# how to rig for drift fishing?



## FISHINJESS (Mar 1, 2011)

My boys and I are headed to conroe this week to try to catch a few. Id like to try drifting but not sure how to keep from getting hung up on the bottom. How do you guys that drift often rig up? Any help would be appreciated.


----------



## nikki (Apr 14, 2011)

If you gonna drift fish, you gonna get hung up. Thats the method I use most is to drift. The weight size can make the difference, depending on the wind and I perfer a 1/2 oz flat type and just enough line to drift on the bottom. I use 2 circle (6/0)hooks 18" and 30" above the weight on 6-8" leader. Good luck.


----------



## trlrman (Aug 29, 2008)

lookup santee cooper rig and 3 way rig on google they will keep you fishing more and re-rigging less


----------



## Sunbeam (Feb 24, 2009)

That is the exact way the Livingston pros do it. I like a 5/0 to 7/0 Eagle Claw Sea circle hook. Big and strong for those 30 plus fish. 
The little foam 2" float about two inches from the hook on about 30 inch leader between the hook and swivel.
One little trick that does help if you hang up. Try using a leader of about 20 pound mono. Tie a Palomar knot at the swivel and a cinch knot at the hook. The cinch knot will break first so all you lose is the hook. Of course you need 30 plus braid on the reel. It never breaks.
Use big baits. A whole filet off a one pound tilapia is about right. It will catch anything between 3 and 100 pounds. Small baits only get dinks.
Best drift speed for me is about 0.8 knots per my GPS. Use drift bags or 5 gal buckets to hold the speed down.
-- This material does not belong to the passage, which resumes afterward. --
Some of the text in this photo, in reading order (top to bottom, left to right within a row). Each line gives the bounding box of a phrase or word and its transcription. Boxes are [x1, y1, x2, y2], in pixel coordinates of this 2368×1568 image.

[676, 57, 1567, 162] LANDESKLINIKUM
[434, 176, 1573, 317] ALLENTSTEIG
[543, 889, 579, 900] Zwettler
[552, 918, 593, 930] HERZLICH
http://www.learntocatchcatfish.com/santee-cooper-rig


----------



## FISHINJESS (Mar 1, 2011)

Thank you very much Nikki, Trlrman, and Sunbeam. I feel like our chances of catching some nice fish have definately increased! Soon as we go i will post a report and let you know how we did. Thanks for the help!


----------



## jackieblue (Jun 13, 2006)

From my limited experience I might add:
1. Where you are fishing is the very most important part of any trip.
If you ain't where the fish are you will not catch em.
2. Bait is the second most important part.
Good fresh bait good results. 
3. Everything else, that someone has told you. Get the first two right and things fall into place, or so I'm told.


----------



## shadslinger (Aug 21, 2005)

Amen to #1 and #2 from jackieblue. And number 1 is for sure # 1!


----------



## tbone2374 (Feb 27, 2010)

I almost want to say, bait is no. 1. of course you can't catch, what's not there. OK, ya'll win. LOL Fresh bait sure helps! Jackie, ever hear from Garry?


----------



## dignlevel (Jul 26, 2010)

I drift fish probably 90 percent of the time here in the Carolinas. There are a few things that I will pass on that might help somewhat.
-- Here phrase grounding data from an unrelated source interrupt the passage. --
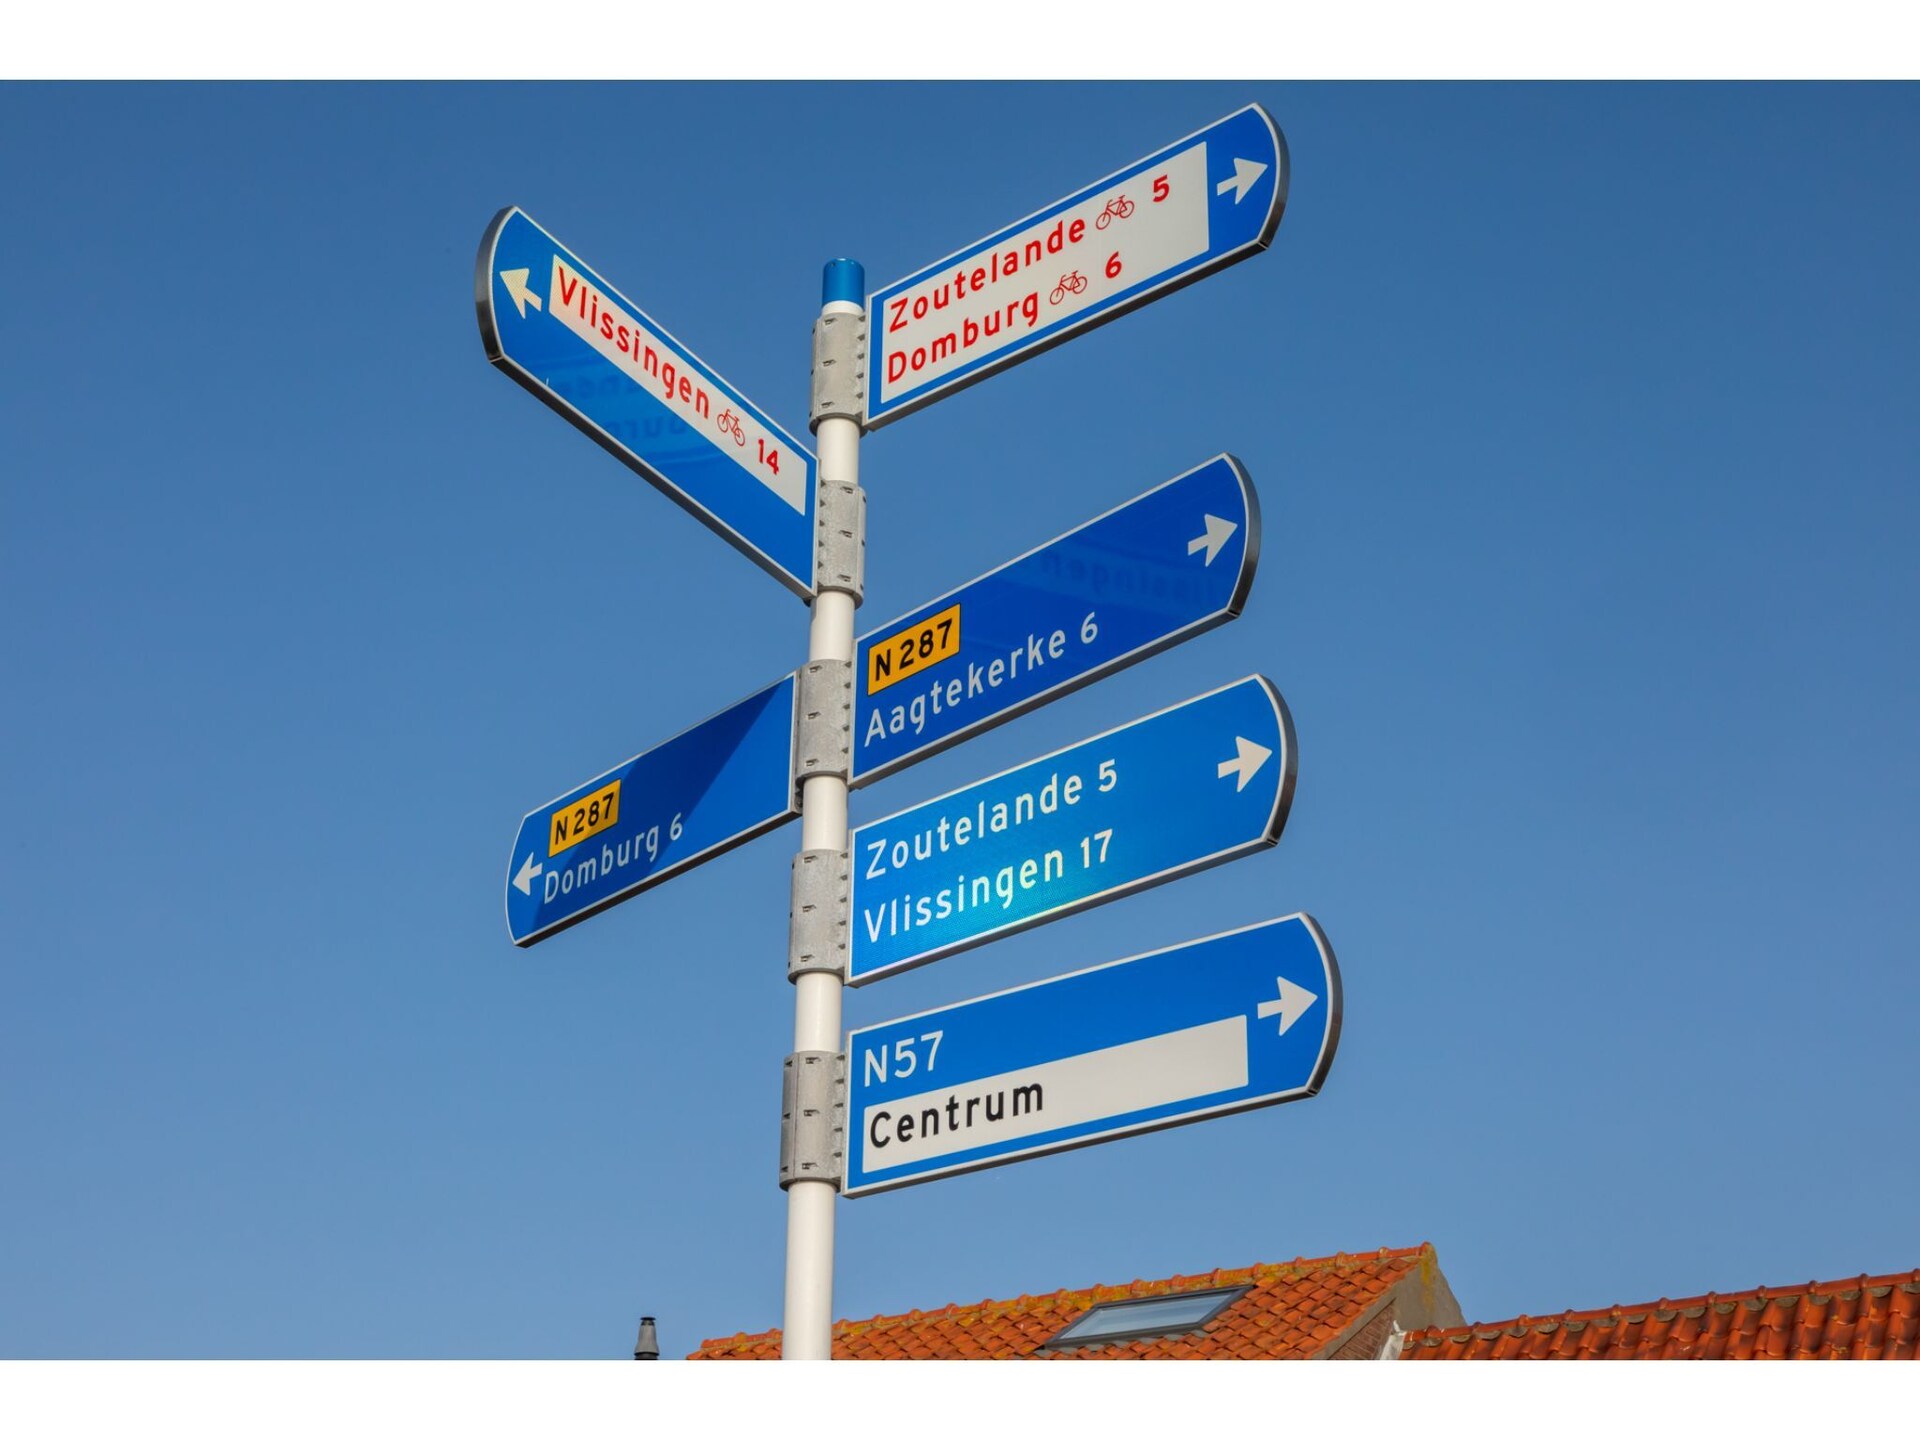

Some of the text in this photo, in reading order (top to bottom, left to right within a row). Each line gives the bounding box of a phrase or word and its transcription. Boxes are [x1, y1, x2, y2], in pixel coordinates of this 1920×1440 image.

[889, 174, 1170, 333] Zoutelande 5
[557, 265, 780, 476] Vlissingen 14
[887, 251, 1123, 384] Domburg 6
[865, 612, 1098, 746] Aagtekerke 6
[544, 813, 683, 904] Domburg 6
[865, 759, 1118, 880] Zoutelande 5
[863, 828, 1114, 943] Vlissingen 17
[863, 1030, 945, 1087] N57
[870, 1082, 1043, 1149] Centrum
Try to control your speed to around .5 mph in the winter and between .75 and 1. mph in the warmer months. The colder water fish are a little more slugish in taking a bite and normally want a smaller bait before the shad kill.

The rig I use is basically a carolina like bass rig with a crappie cork 6-8 inches from the bait and a leader about 3 feet long. This will make the baited hook float along about 2.5 feet off the bottom. I fish 4 poles at the time with each one out to different lengths normally at least 4 times the water depth so that the bait will not run off the bottom. In the summer time I keep the bait at least 75 feet from the boat. I normally use cut shad or bream with a head on at least one pole. I make my 1-2 oz. weights out of parachute cord filled with lead shot that will slid across the bottom and reduce hangups tremendously, in 40 fow you may need the heavier weight. If you get hung, you are normally wedged between something and it will come loose if you get turned around and go back, if you get on a brush pile, :-( :headknock

Controlling the speed, finding bait and fish before you put out a rod, and having the bait the fish want are probably the most important things to remember.
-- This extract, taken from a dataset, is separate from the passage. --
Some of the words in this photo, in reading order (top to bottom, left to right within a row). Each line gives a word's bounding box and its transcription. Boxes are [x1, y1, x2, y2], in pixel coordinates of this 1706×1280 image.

I will try to get a picture of a rig posted. Good luck!!


----------



## jackieblue (Jun 13, 2006)

tbone2374 said:


> Jackie, ever hear from Garry?


As a matter of fact just sent you a PM all is well.


----------



## jackieblue (Jun 13, 2006)

an old boy came by me drifting at twice my speed, I remarked to my buddy that was one guy that was lost in the sauce. About 30 minutes later he pulled up and wanted me to weight a fish he had caught. A lake record going 62#.
I agree that slower is better in cold water, but faster worked real well that day, at least for him.


----------



## Whitebassfisher (May 4, 2007)

jackieblue said:


> From my limited experience I might add:


LOL, I have never met the man, but heard enough about him to know this is a very modest statement.


----------



## Uncle Gary (Mar 17, 2011)

What kind of depth, structure, or bottom do yall usually fish?


----------



## nikki (Apr 14, 2011)

I've caught them in 2-4 foot when water temp is 94 in August or Dec at 48 degree. But that was the depth I was fishing. 12 to 16 the next day so it's not always true either way, just have to try. Be there to make the news, not read about it.


----------



## shadslinger (Aug 21, 2005)

I like to fish spots where I know I will not hang up much if any. I like to fish deep most of the time, 26 to 32 feet, sometimes with light tackle I fish 8 to 17' in the summer.


----------